Information shown Block Start

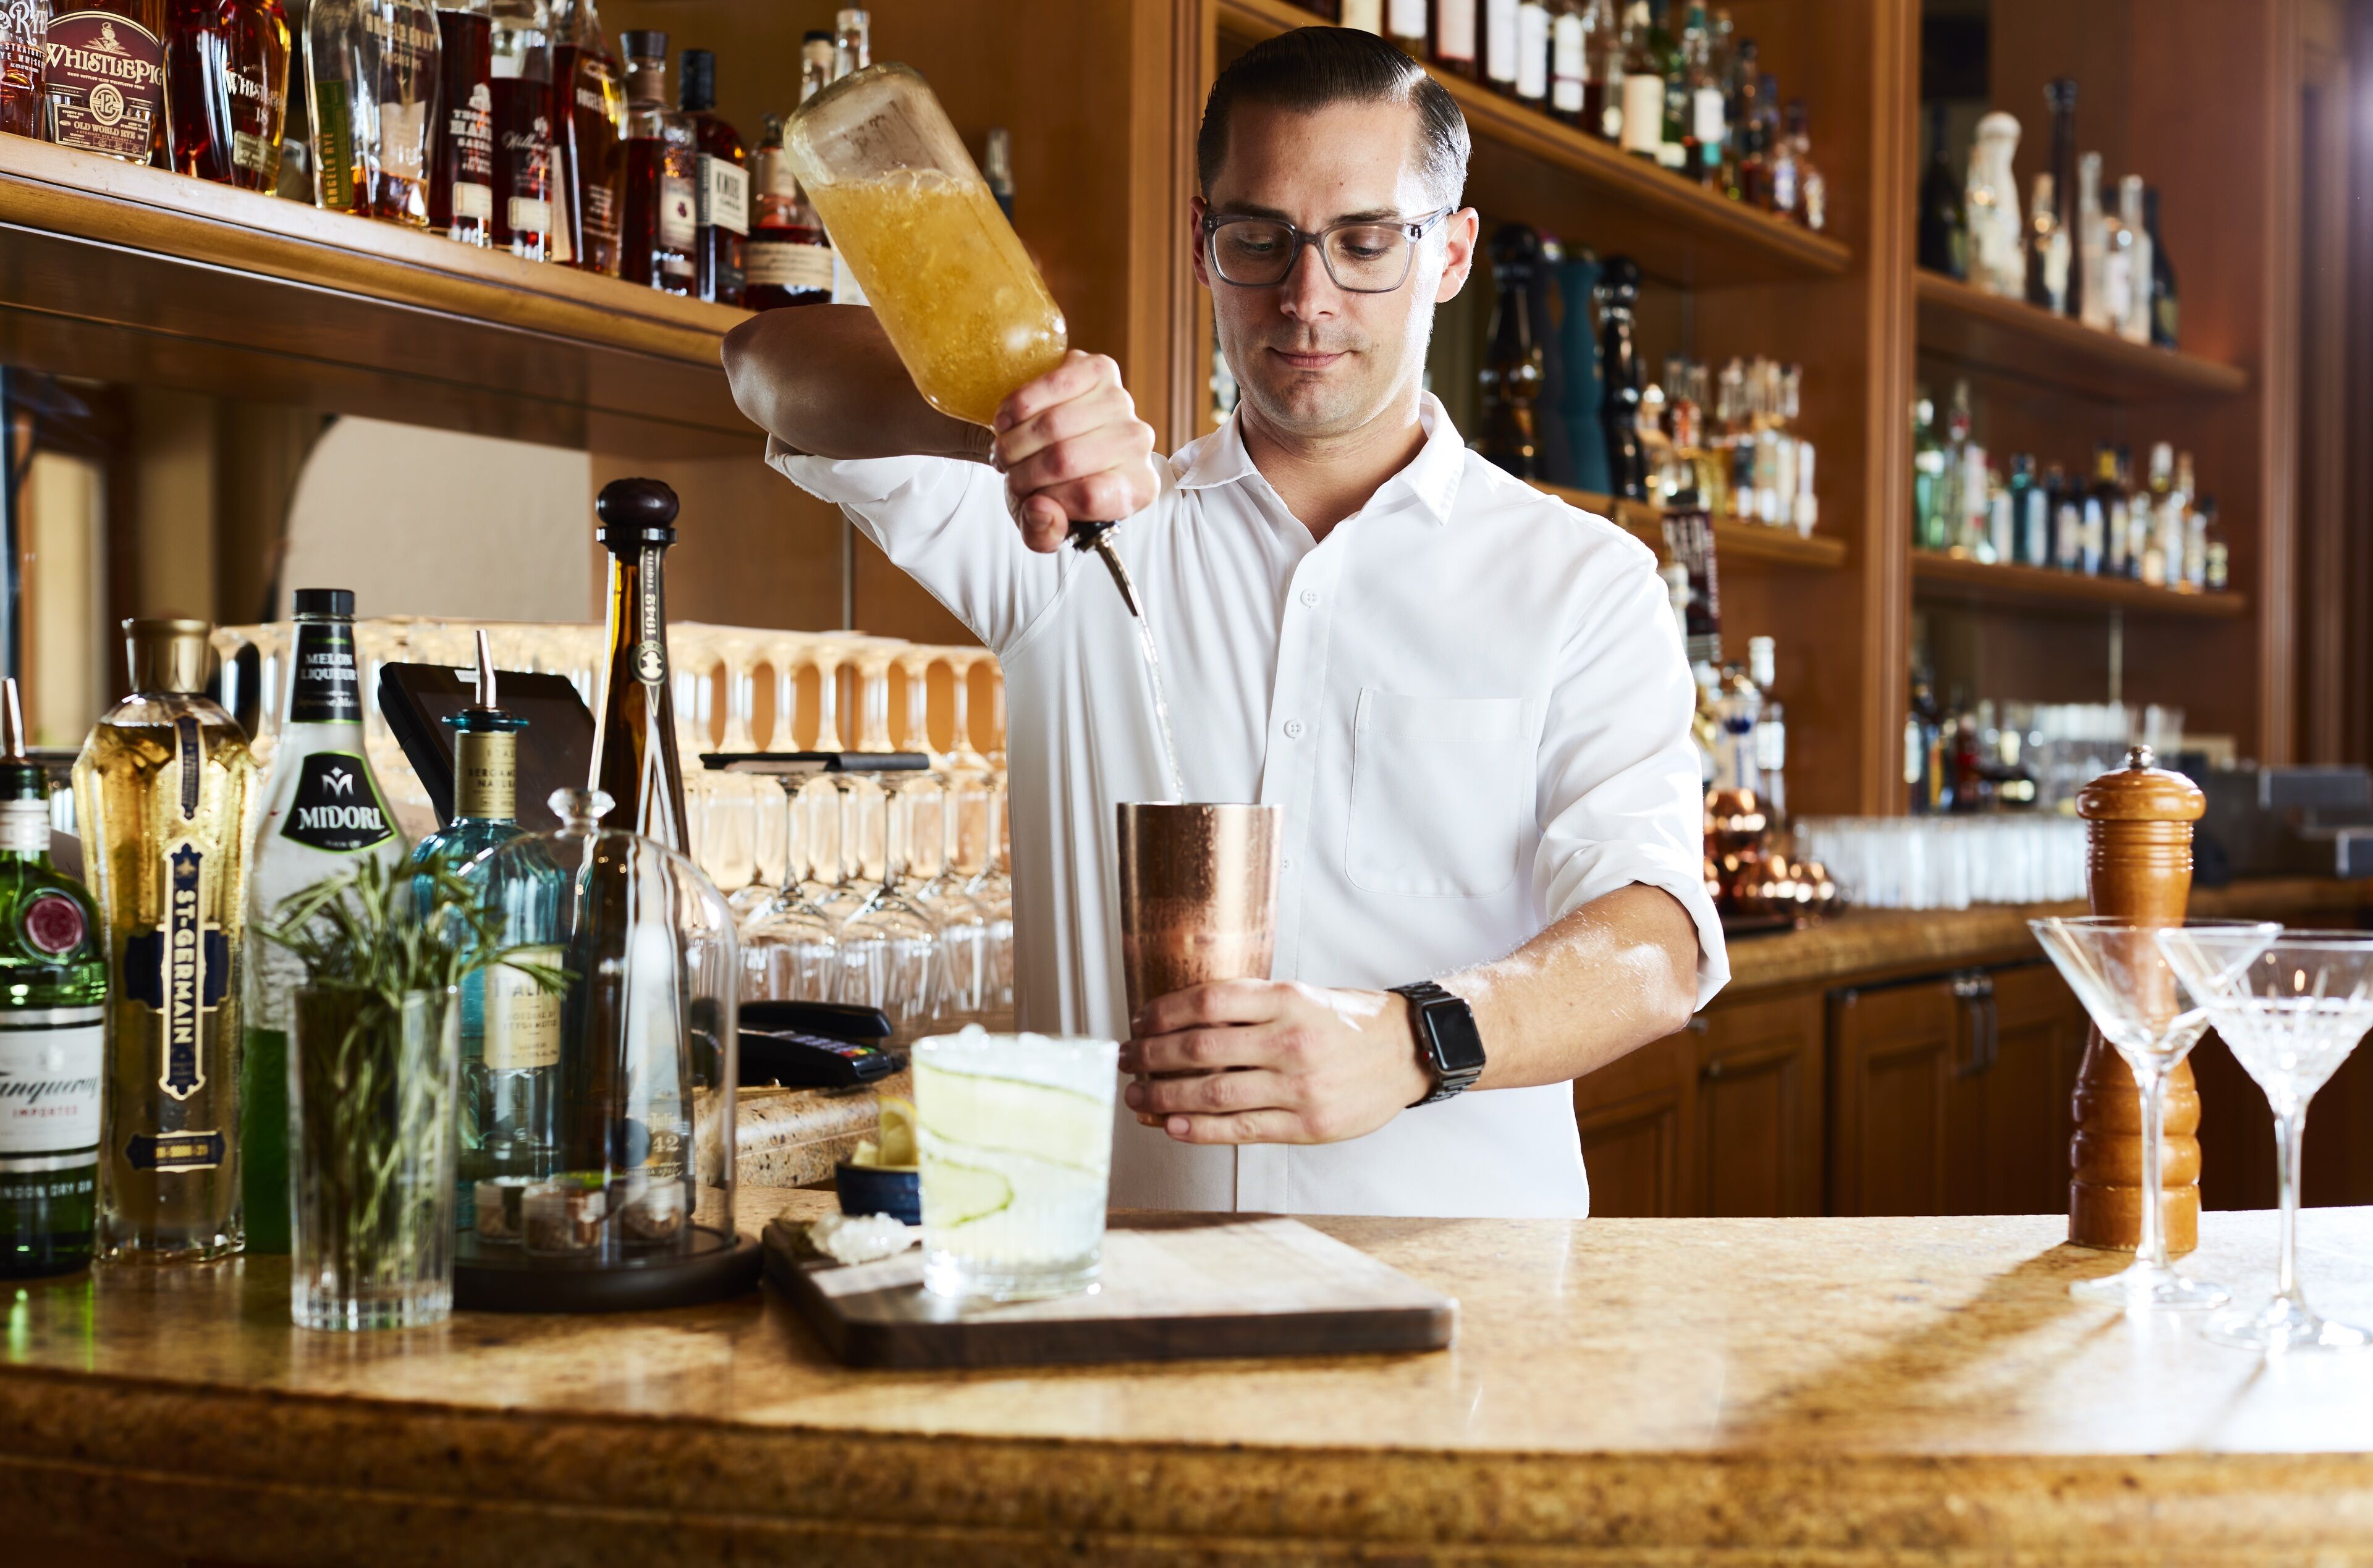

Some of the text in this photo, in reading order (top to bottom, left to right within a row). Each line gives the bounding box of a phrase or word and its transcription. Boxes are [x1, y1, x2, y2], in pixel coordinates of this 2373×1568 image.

[9, 1, 48, 46] RYE
[0, 51, 12, 60] YE
[5, 42, 42, 57] STRAIGHT
[45, 43, 163, 85] WHISTLEPIG
[100, 93, 115, 114] 12
[256, 106, 269, 125] 18
[74, 120, 91, 130] OLD
[91, 124, 119, 136] WORLD
[121, 129, 136, 140] RYE
[322, 132, 335, 154] RYE
[325, 157, 339, 205] ANGELS
[646, 550, 654, 589] TEQUILA
[645, 593, 656, 636] 1942
[305, 652, 353, 666] MELON
[300, 667, 358, 681] LIQUEUR
[297, 805, 386, 831] MIDORI
[173, 889, 197, 1044] ST-GERMAIN
[0, 1071, 98, 1106] anqueray
[12, 1105, 78, 1118] IMPORTED
[652, 1134, 680, 1153] 42
[2, 1179, 93, 1199] NDON DRY GIN

Information shown Block End

Problem:
What you return must match the records exactly, apart from the images, which are omitted.

Solved problem:
Some of the text in this photo, in reading order (top to bottom, left to right within a row). Each line gives the bounding box of a phrase or word and its transcription. Boxes are [x1, y1, x2, y2], in pixel coordinates of this 2373×1568 image.

[9, 1, 48, 46] RYE
[0, 51, 12, 60] YE
[5, 42, 42, 57] STRAIGHT
[45, 43, 163, 85] WHISTLEPIG
[100, 93, 115, 114] 12
[256, 106, 269, 125] 18
[74, 120, 91, 130] OLD
[91, 124, 119, 136] WORLD
[121, 129, 136, 140] RYE
[322, 132, 335, 154] RYE
[325, 157, 339, 205] ANGELS
[646, 550, 654, 589] TEQUILA
[645, 593, 656, 636] 1942
[305, 652, 353, 666] MELON
[300, 667, 358, 681] LIQUEUR
[297, 805, 386, 831] MIDORI
[173, 889, 197, 1044] ST-GERMAIN
[0, 1071, 98, 1106] anqueray
[12, 1105, 78, 1118] IMPORTED
[652, 1134, 680, 1153] 42
[2, 1179, 93, 1199] NDON DRY GIN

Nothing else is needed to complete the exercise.